BACKING THE WRONG HORSE AT STAWELL
By Jon Anderson
IT was what you did at a time when serious money could be won on the punt, so being described as an unreliable drunk was something 20-year-old Bill Howard took in his stride prior to winning the 1966 Stawell Easter Gift in a sparkling 11.9 sec.
He returned a year later with a handicap reduced by 5.75m (three yards) and ran even faster, flying down the track in his green top in 11.6 sec.
Six months later Howard, who raced at 181cm and 80kg, ran 11.9 sec off scratch at Mornington before a cruel succession of leg injuries prevented him from reaching even greater heights.
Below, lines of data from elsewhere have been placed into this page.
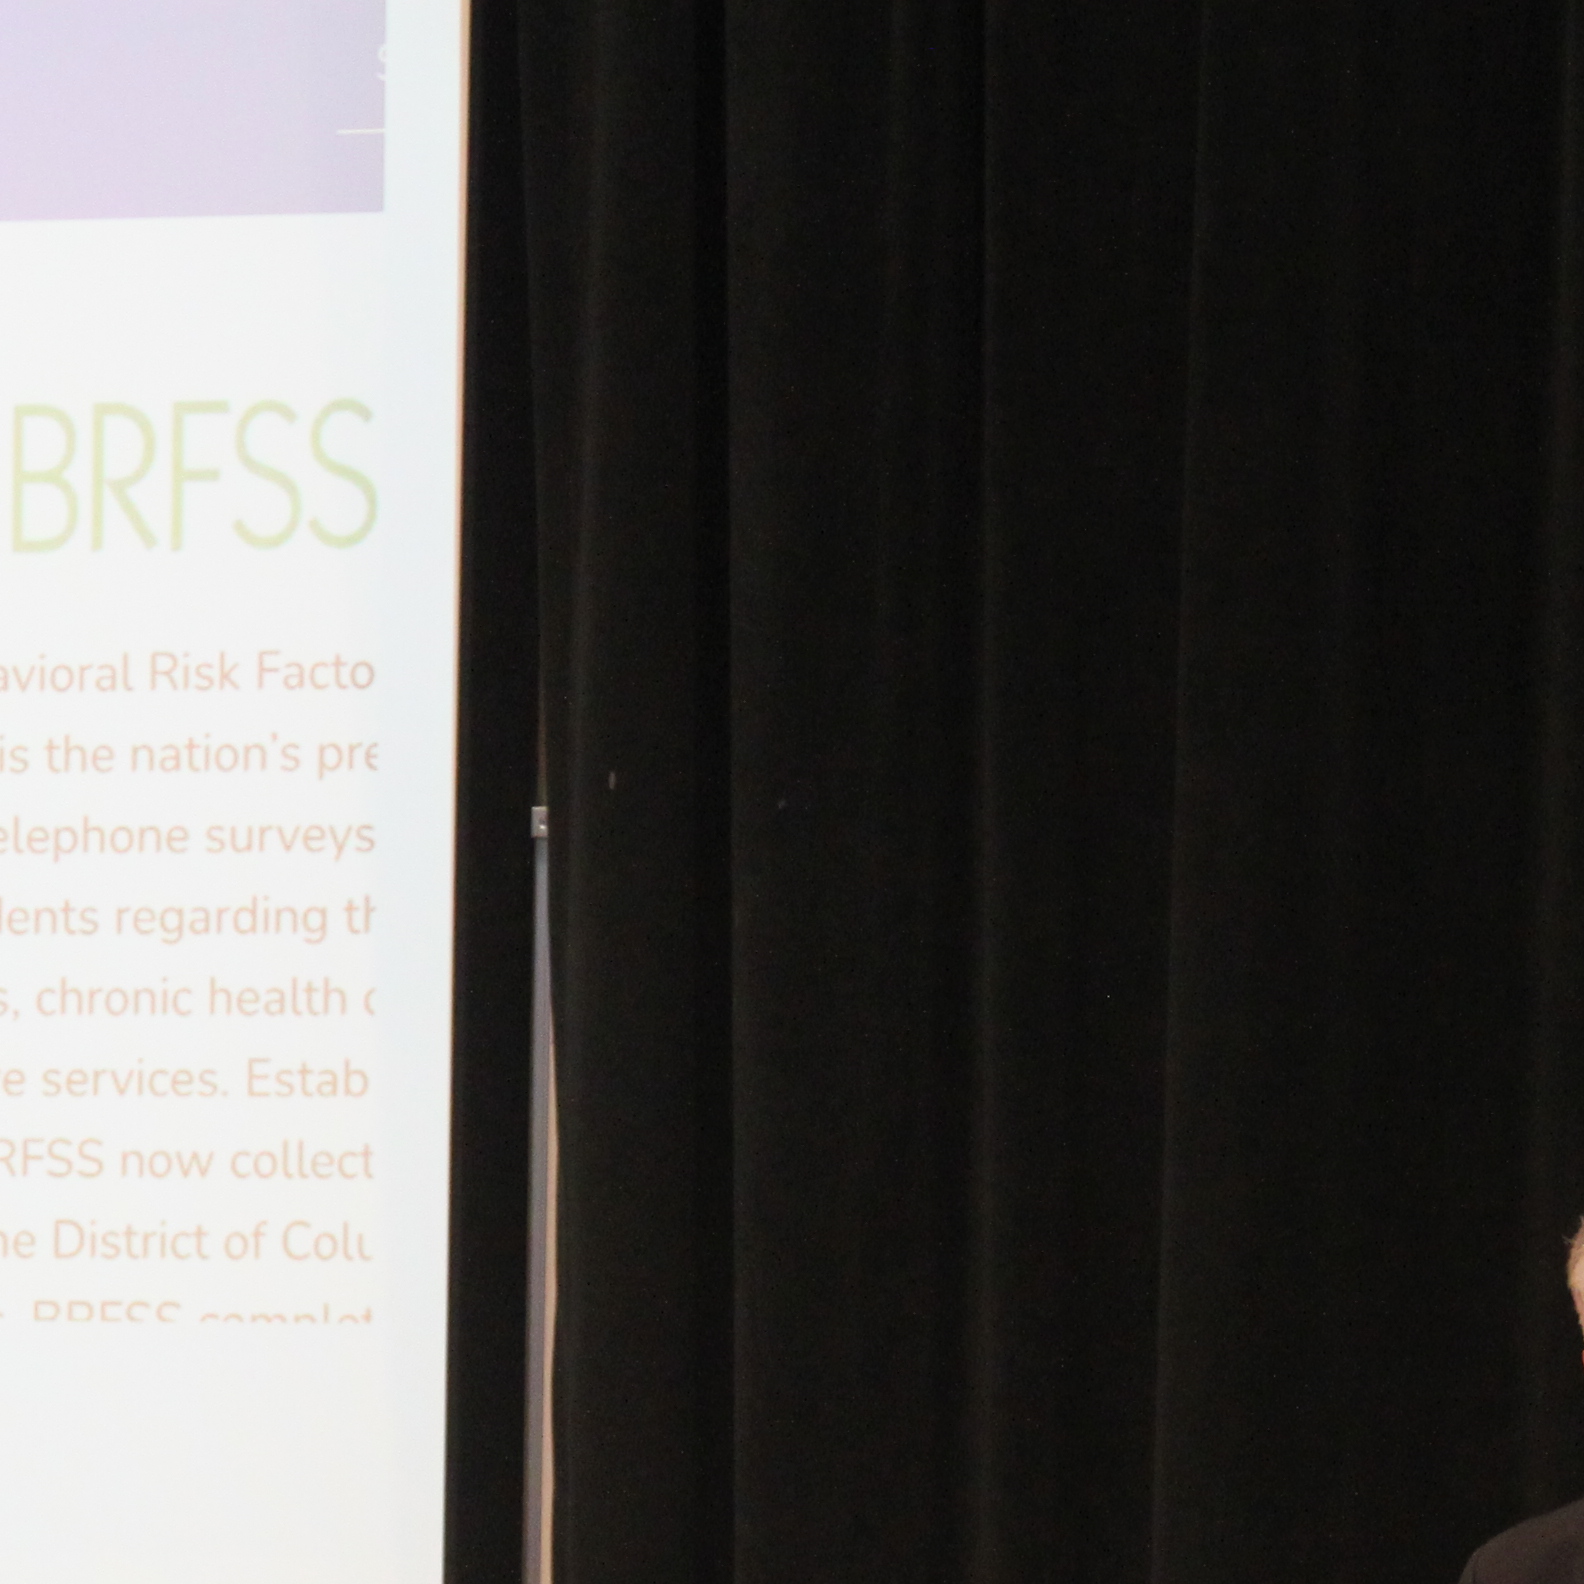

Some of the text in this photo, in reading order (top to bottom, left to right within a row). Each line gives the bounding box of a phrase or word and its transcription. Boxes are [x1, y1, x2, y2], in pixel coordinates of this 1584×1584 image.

[12, 398, 377, 553] BRFSS
[149, 651, 239, 691] Risk
[257, 650, 376, 690] Facto
[44, 735, 115, 773] the
[131, 732, 301, 772] nation's
[205, 823, 376, 861] surveys
[116, 895, 328, 945] regarding
[35, 977, 192, 1017] chronic
[209, 977, 347, 1016] health
[42, 1058, 227, 1097] services.
[247, 1058, 369, 1097] Estab
[121, 1150, 214, 1179] now
[230, 1139, 373, 1180] collect
[53, 1218, 209, 1260] District
[223, 1220, 267, 1261] of
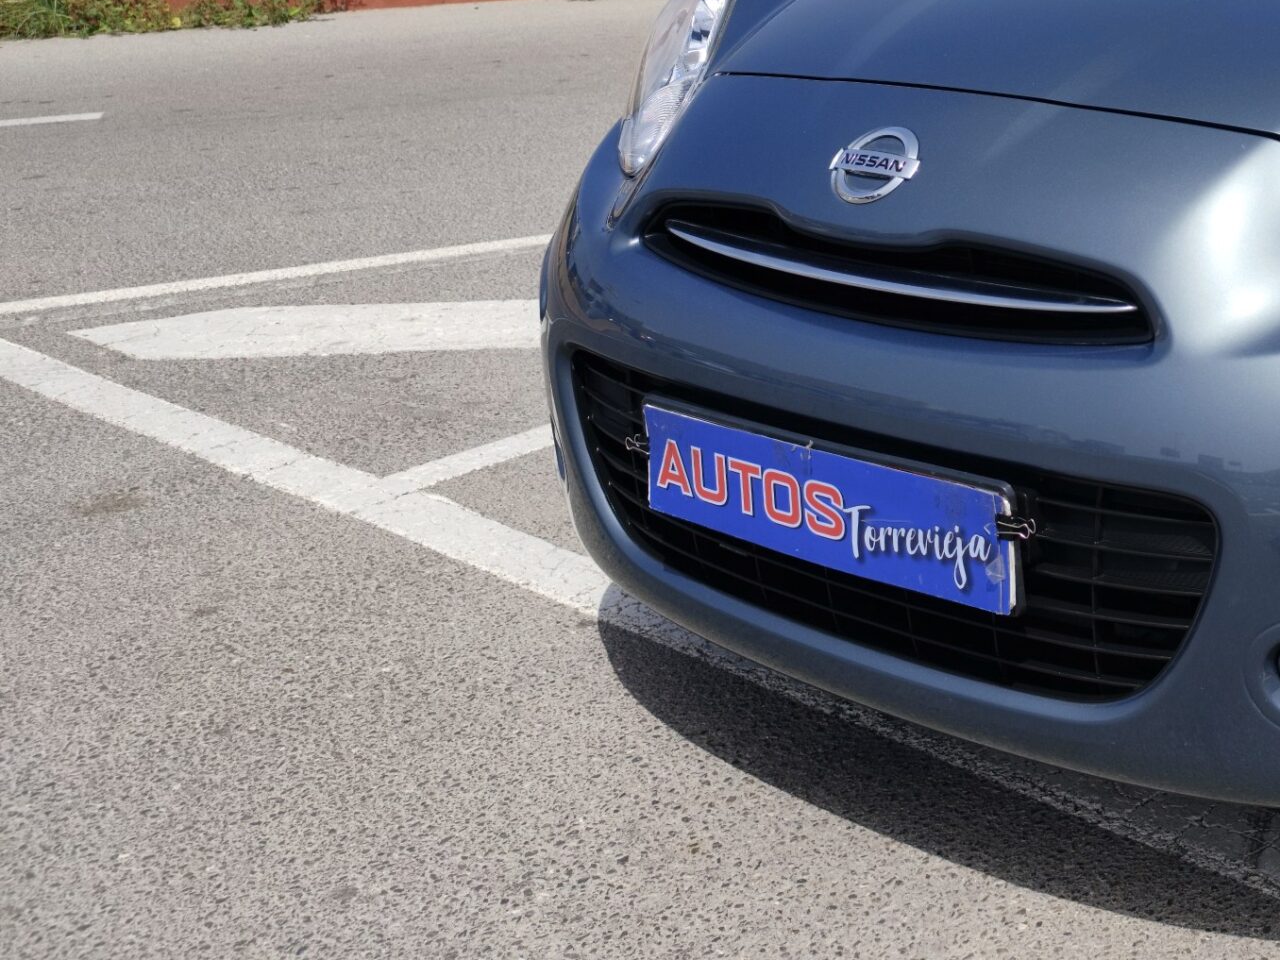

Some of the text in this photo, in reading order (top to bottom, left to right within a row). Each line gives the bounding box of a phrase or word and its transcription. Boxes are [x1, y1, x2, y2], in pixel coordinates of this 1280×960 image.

[841, 152, 907, 173] NISSAN
[656, 438, 993, 590] AUTOS Torrevieja
He did run once more at Stawell, being beaten by a bee’s appendage in a semi-final in 1969 off scratch, and then he was gone.
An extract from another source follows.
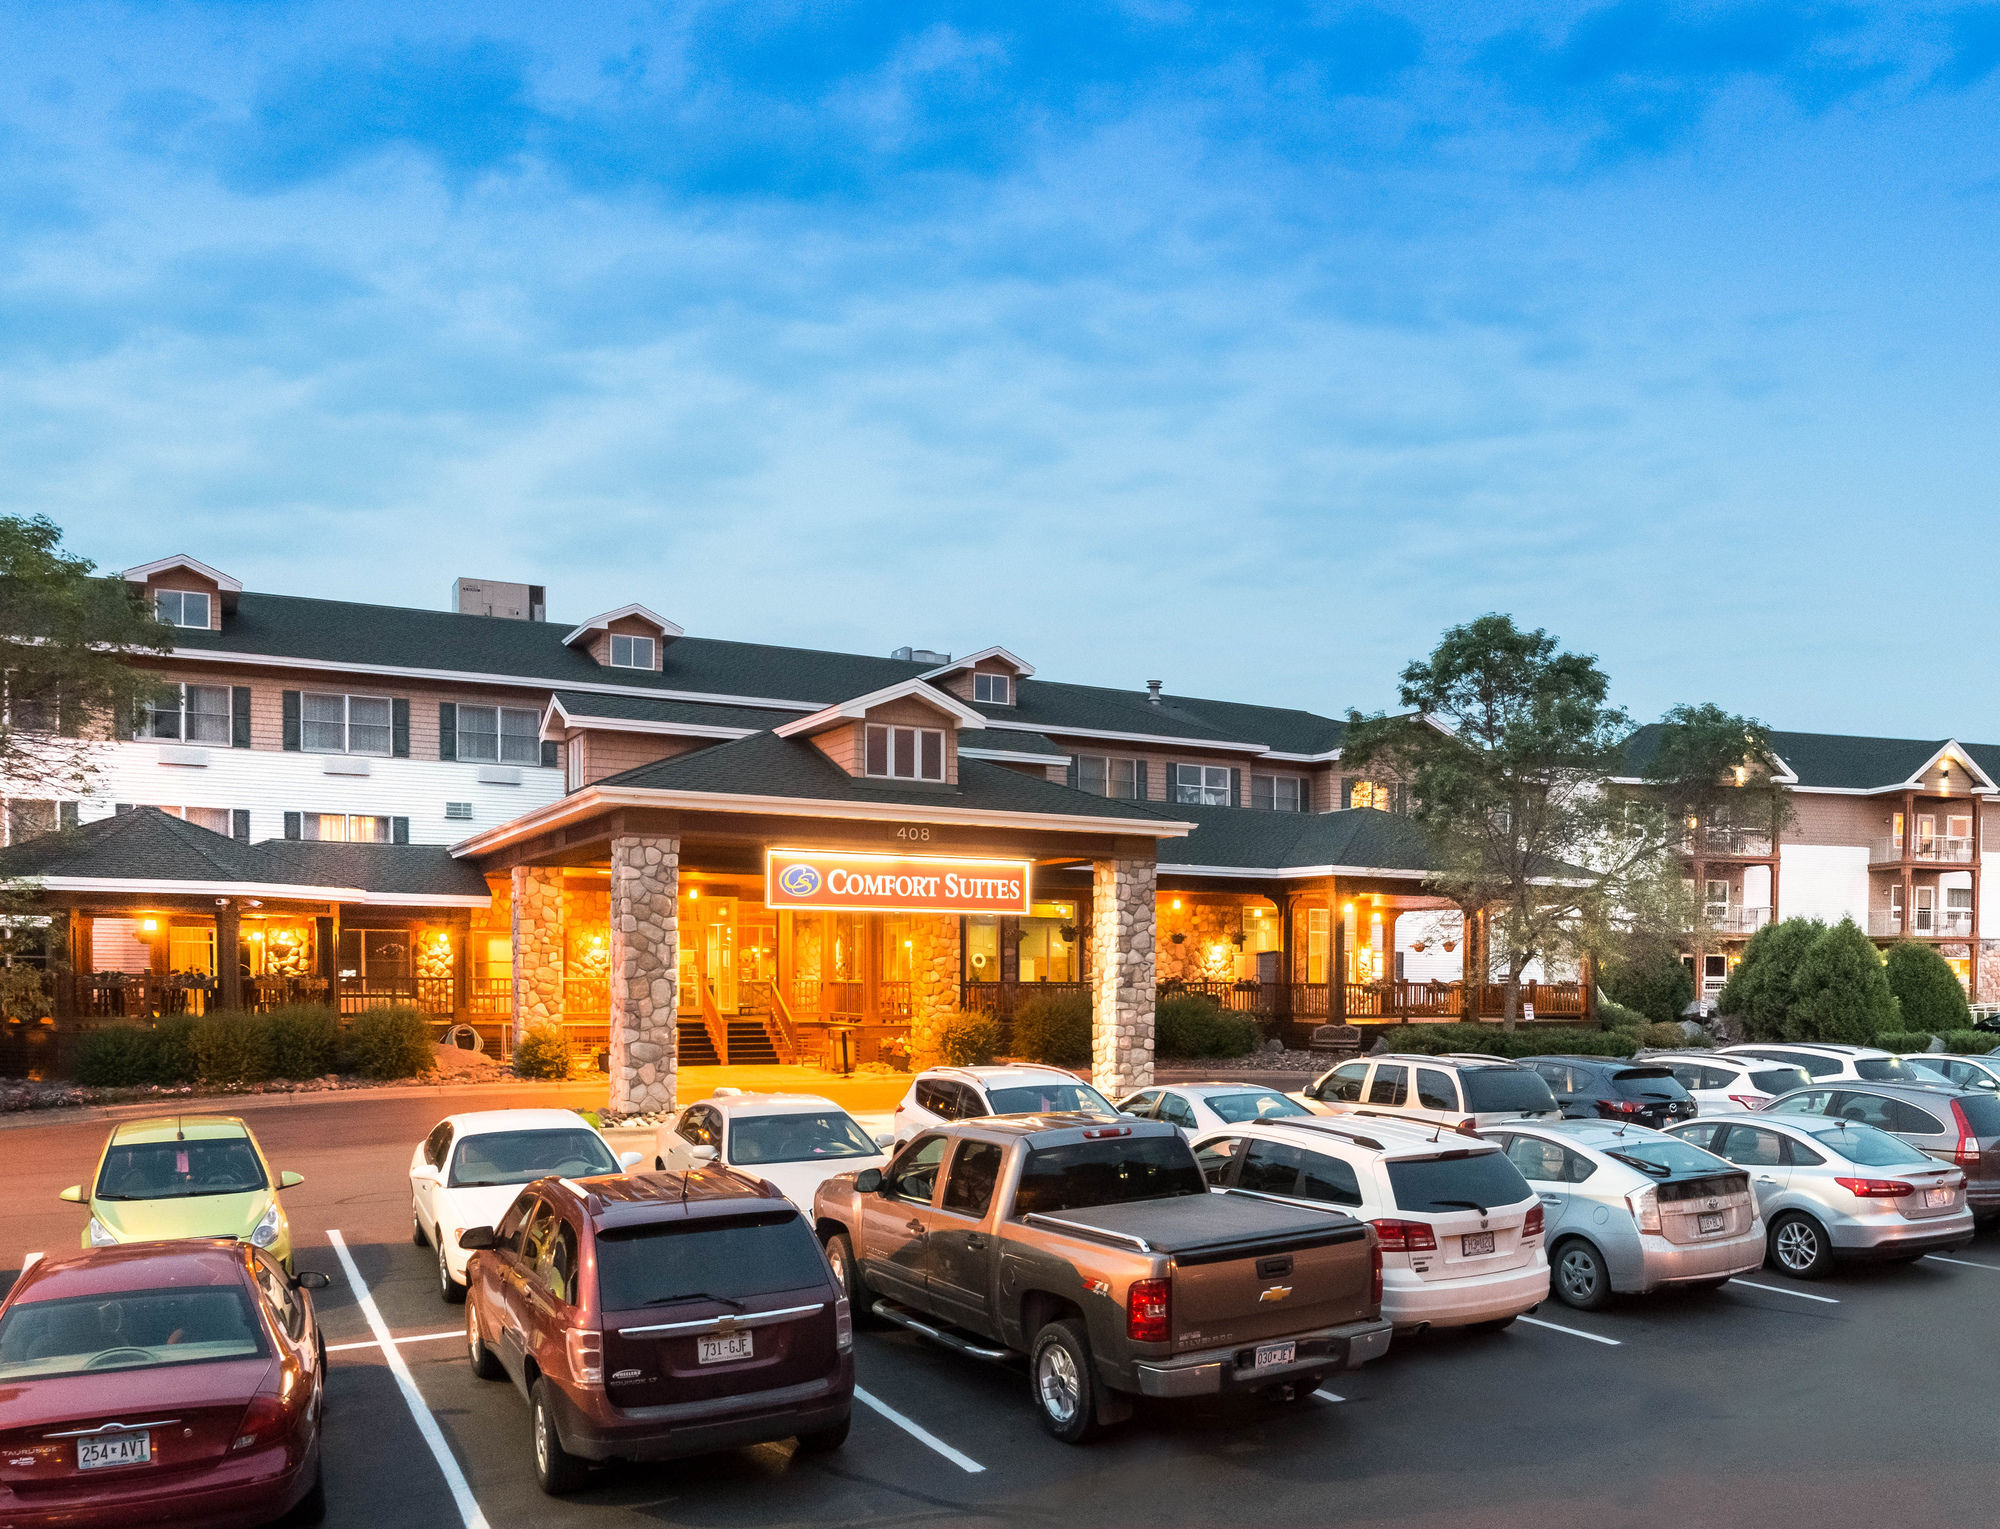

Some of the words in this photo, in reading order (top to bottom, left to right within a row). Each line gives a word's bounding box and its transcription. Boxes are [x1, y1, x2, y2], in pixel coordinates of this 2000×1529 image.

Next week the 72-year-old, who is still in fine shape at 84kg, will be just another face in the Stawell crowd as he returns for just the fourth time since 1969.
Bill Howard during his heyday. Picture: Bob Buchanan
During the week he relived his first trip to Stawell in 1966 when he was backed from 100-1 into an odds-on favourite.
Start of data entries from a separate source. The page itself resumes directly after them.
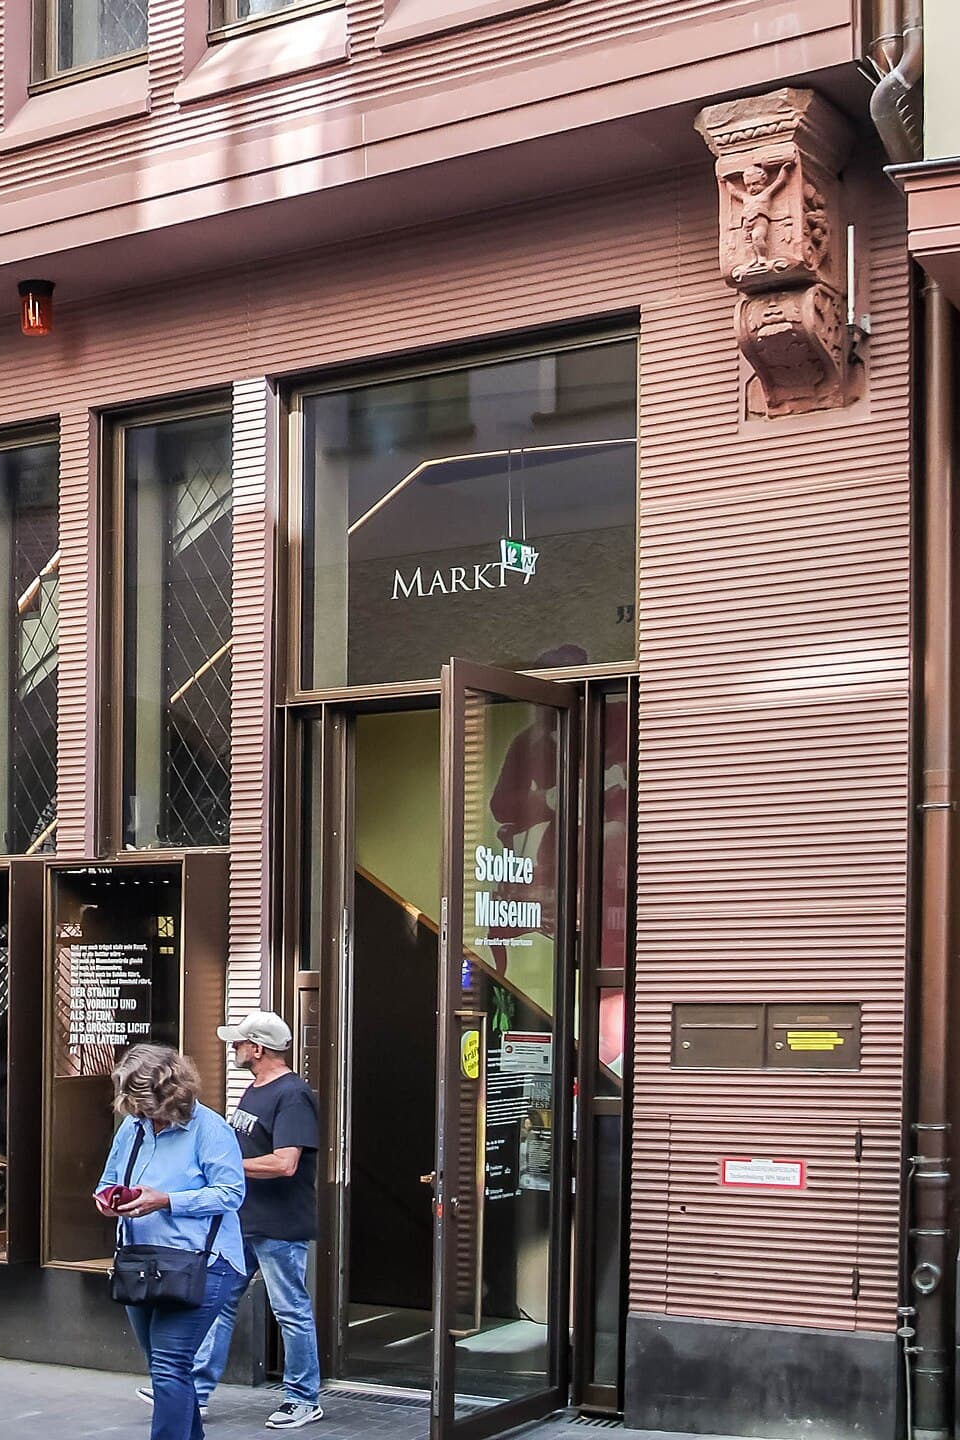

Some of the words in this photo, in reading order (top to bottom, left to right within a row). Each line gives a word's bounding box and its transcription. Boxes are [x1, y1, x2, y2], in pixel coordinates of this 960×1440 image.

[391, 562, 510, 600] MARKT
[475, 845, 533, 884] Stoltze
[475, 891, 541, 928] Museum
[70, 987, 85, 997] DER
[87, 987, 121, 997] STRAHLT
[70, 999, 85, 1009] ALS
[120, 999, 137, 1009] UND
[70, 1010, 85, 1021] ALS
[70, 1022, 85, 1033] ALS
[127, 1022, 150, 1033] LICHT
[79, 1034, 95, 1044] DER
“In those days there weren’t a lot of motels in Stawell so you got billeted out,” he said.
“When we met the owner of our accommodation, I was introduced as Bill Kennedy who was down from Sydney to watch the gift.
“The owner was more interested in my training partner Ray Thomas who was also staying with him.
“So he asked Ray how he was running and when Ray truthfully told him he was a yard faster than last year, off went the owner to back him and the word spread aroud Stawell, but they backed the wrong horse.”
Howard said he had not raced a lot leading into the ’66 Stawell Gift and when the stewards contacted his coach Pat Kennedy to ask who he was and why he kept entering without turning up, they were given a colourful explanation.
“Pat explained I was a drunk and totally unreliable, when I hadn’t ever had a drink at that stage of my life,” Howard said.